### Assigned task
Return the following from the records below: each line, word for word, starting with the line that contains "Some of the words" and going on through the line that contains "this 1500×1689 image.", with nothing outside that range.

### Available data

+---+

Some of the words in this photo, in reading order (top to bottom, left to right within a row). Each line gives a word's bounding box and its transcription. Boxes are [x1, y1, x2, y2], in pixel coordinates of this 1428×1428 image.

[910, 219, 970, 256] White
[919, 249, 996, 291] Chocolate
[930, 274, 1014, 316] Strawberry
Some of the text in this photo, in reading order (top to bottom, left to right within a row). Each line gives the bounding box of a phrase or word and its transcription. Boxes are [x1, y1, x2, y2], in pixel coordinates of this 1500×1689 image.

+---+

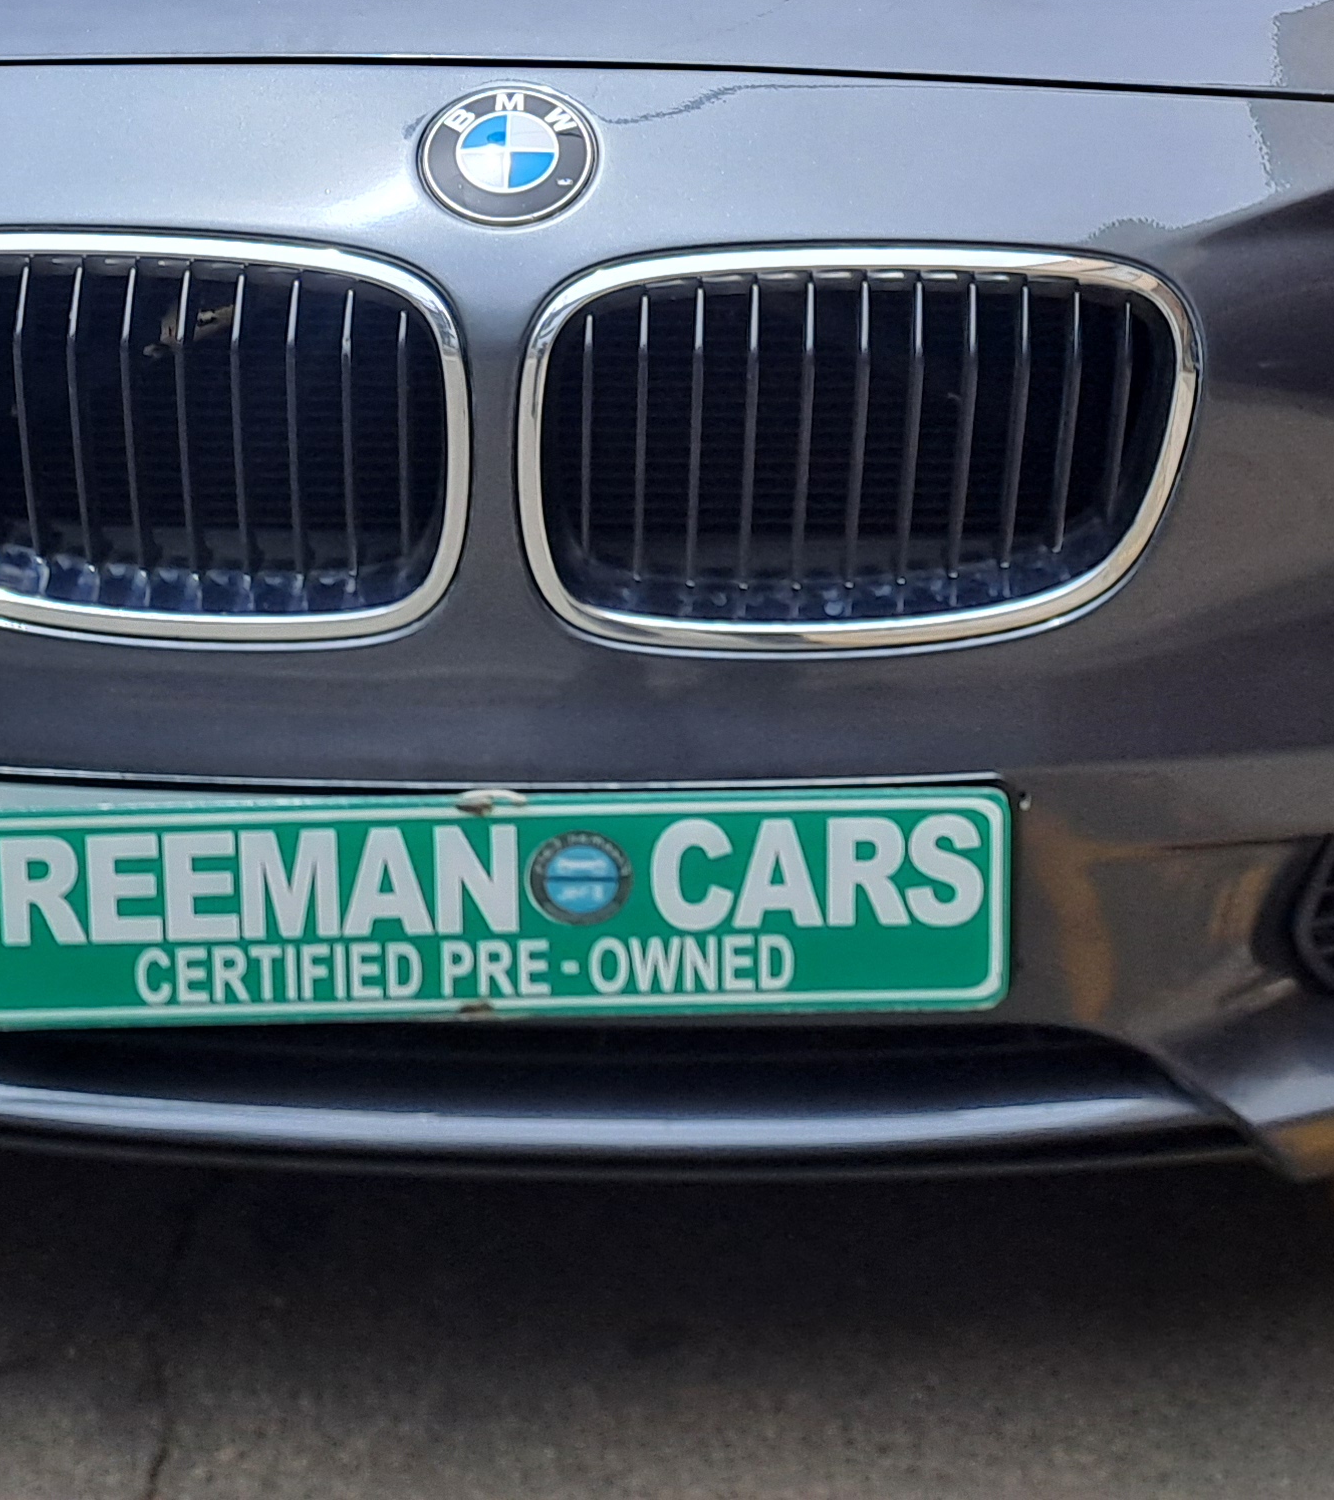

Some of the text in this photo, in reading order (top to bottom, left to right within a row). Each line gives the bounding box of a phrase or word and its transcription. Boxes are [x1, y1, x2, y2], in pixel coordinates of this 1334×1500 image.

+---+

### Solution
Some of the words in this photo, in reading order (top to bottom, left to right within a row). Each line gives a word's bounding box and its transcription. Boxes are [x1, y1, x2, y2], in pixel coordinates of this 1428×1428 image.

[910, 219, 970, 256] White
[919, 249, 996, 291] Chocolate
[930, 274, 1014, 316] Strawberry
Some of the text in this photo, in reading order (top to bottom, left to right within a row). Each line gives the bounding box of a phrase or word and its transcription. Boxes are [x1, y1, x2, y2], in pixel coordinates of this 1500×1689 image.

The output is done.